On June 17, 2004, we completed the disposal of BridgeStreet Canada, Inc., the owner of our corporate housing operation in Toronto (“Toronto operation”). In accordance with U.S. generally accepted accounting principles, the results of the Toronto operation were presented in our continuing operations for all applicable fiscal years included in our Annual Report on Form 10-K, for the fiscal year ended December 31, 2003, filed with the Securities and Exchange Commission (“SEC”) on March 10, 2004. We filed an amendment to our Form 10-K on Form 10-K/A on March 31, 2004, solely for the purpose of filing the financial statements of our significant unconsolidated joint ventures. In accordance with Statement of Financial Accounting Standard No. 144, “Accounting for the Impairment or Disposal of Long-Lived Assets,” we reported the results of the Toronto operation as discontinued operations in our Form 10-Q for the quarter ended June 30, 2004. The following information (which is attached as exhibits hereto and incorporated by reference herein), which was originally presented in our Annual Report on Form 10-K, reflecting the results of operations for the Toronto operation as continuing operations, has been revised to reflect the Toronto operation as discontinued operations:

  Selected Financial Data for each of the years in the five year period ended December 31, 2003;

  Management’s Discussion and Analysis of Financial Condition and Results of Operations (“MD&A”) for each of the years in the three year period ended December 31, 2003; and

  Revised Consolidated Financial Statements as of December 31 2003 and 2002 and for each of the years in the three year period ended December 31, 2003. The subsequent event footnote to the financial statements now includes reference to all material events which have occurred since March 10, 2004.

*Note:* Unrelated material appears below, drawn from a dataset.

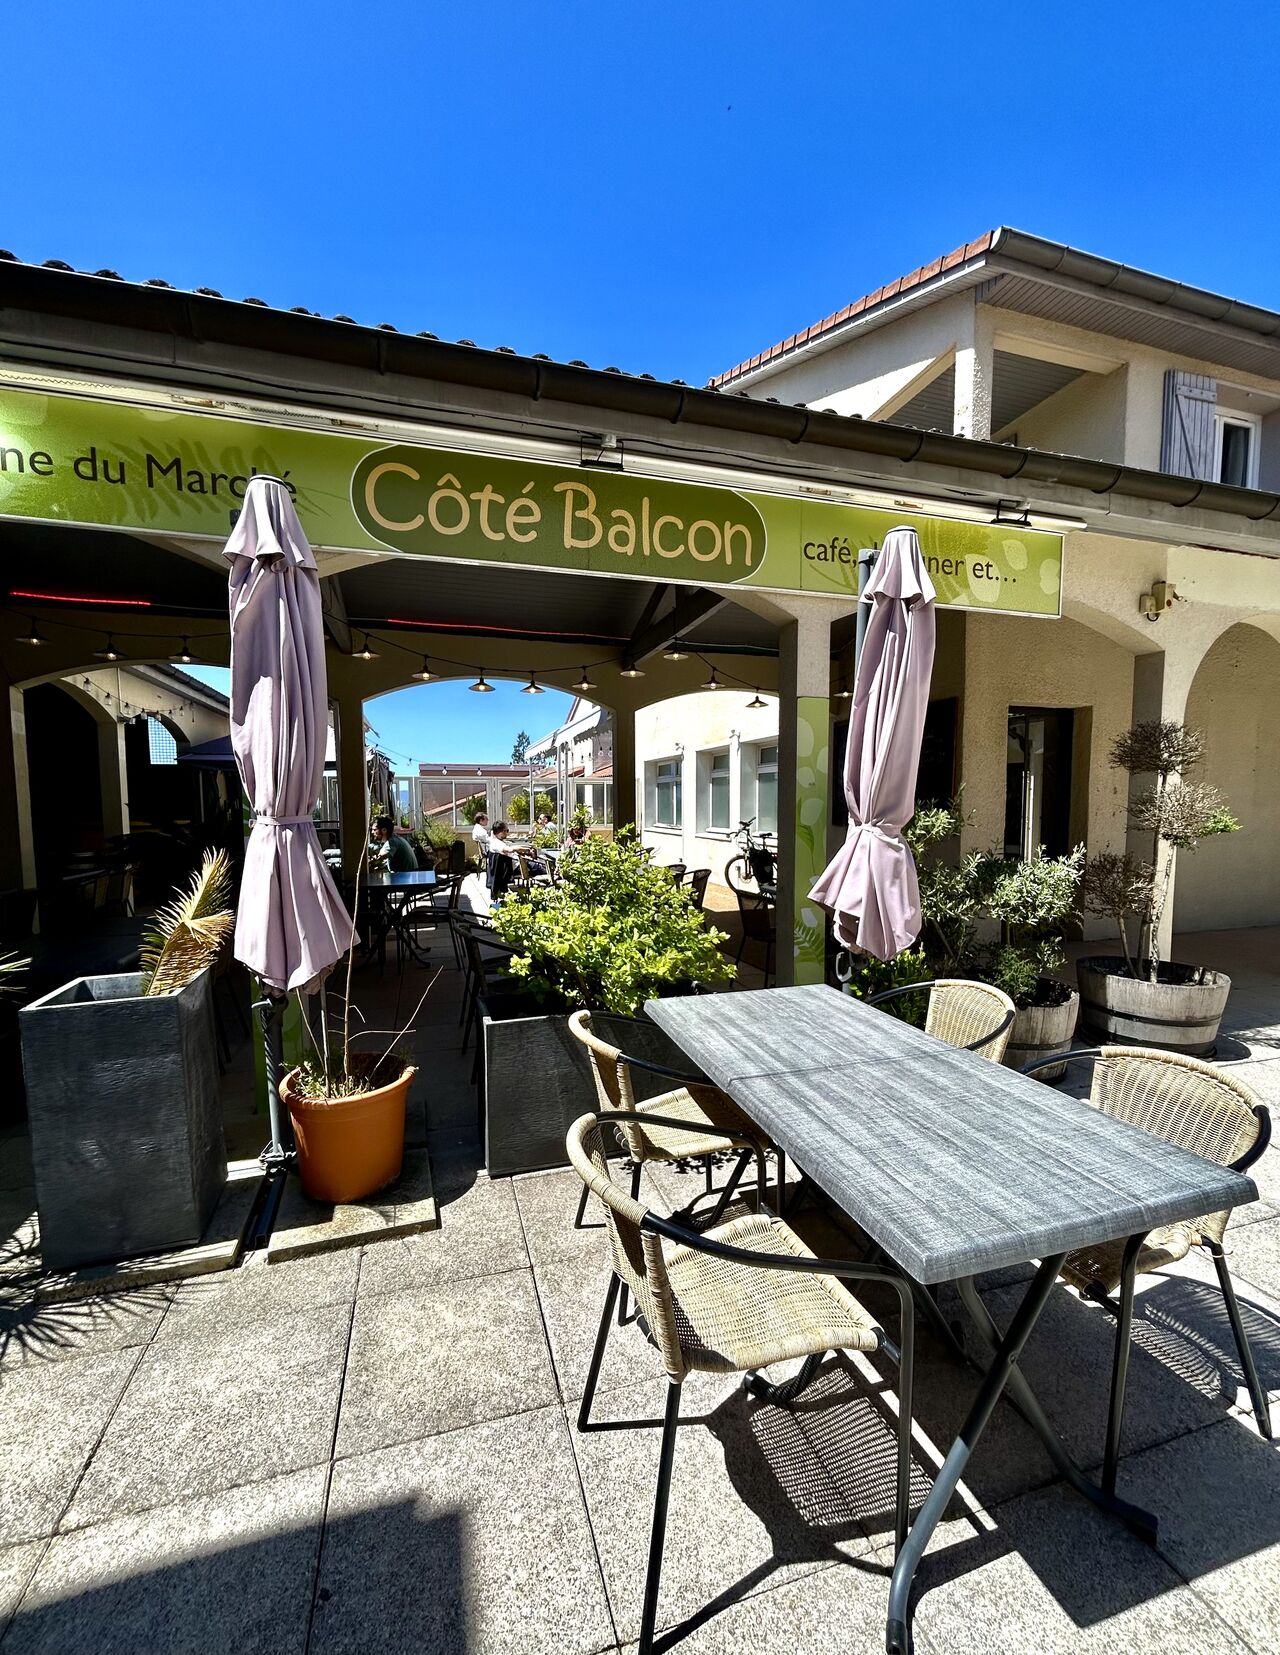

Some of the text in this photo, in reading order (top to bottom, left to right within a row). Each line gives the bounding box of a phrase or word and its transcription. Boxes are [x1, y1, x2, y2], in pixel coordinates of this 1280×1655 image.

[73, 446, 126, 485] du
[365, 462, 752, 567] Côté Balcon
[803, 537, 857, 568] café,
[972, 561, 1017, 583] et...

Investors are cautioned that the MD&A presented herein has been revised solely to reflect the effect on our MD&A for the presentation of the Toronto operations as discontinued operations during the periods presented, rather than as a part of continuing operations. The MD&A presented herein has no other changes to the MD&A previously presented in our 2003 Annual Report on Form 10-K. Therefore, it does not purport to update the MD&A included in our Annual Report of Form 10-K, for any information, uncertainties, transactions, risks, events or trends occurring, or known to management, other than the disposition of the Toronto operations. Investors should read the information contained in this current report together with the other information contained in our Annual Report on Form 10-K, filed on March 10, 2004, our Form 10-Qs for the quarters ended March 31, 2004 and June 30, 2004, filed with the SEC on May 10, 2004, and August 9, 2004, respectively, and other information filed with, or furnished to, the SEC after March 10, 2004.

 


 

ITEM 7- FINANCIAL STATEMENTS AND EXHIBITS

     (c) Exhibits

Exhibit No.

     
23.1
  Consent of KPMG LLP
 
   
23.2
  Consent of PricewaterhouseCoopers LLP
 
   
99.1
  Selected Financial Data
 
   
99.2
  Management’s Discussion and Analysis of Results of Operations and Financial Condition – Item 7 only
 
   
99.3
  Consolidated financial statements as of December 31, 2003 and 2002 and for each of the years in the three year period ended December 31, 2003

 


 

SIGNATURE

Pursuant to the requirements of the Securities Exchange Act of 1934, the Registrant has duly caused this report to be signed on its behalf by the undersigned hereunto duly authorized.

Date: August 16, 2004

         
    INTERSTATE HOTELS & RESORTS, INC.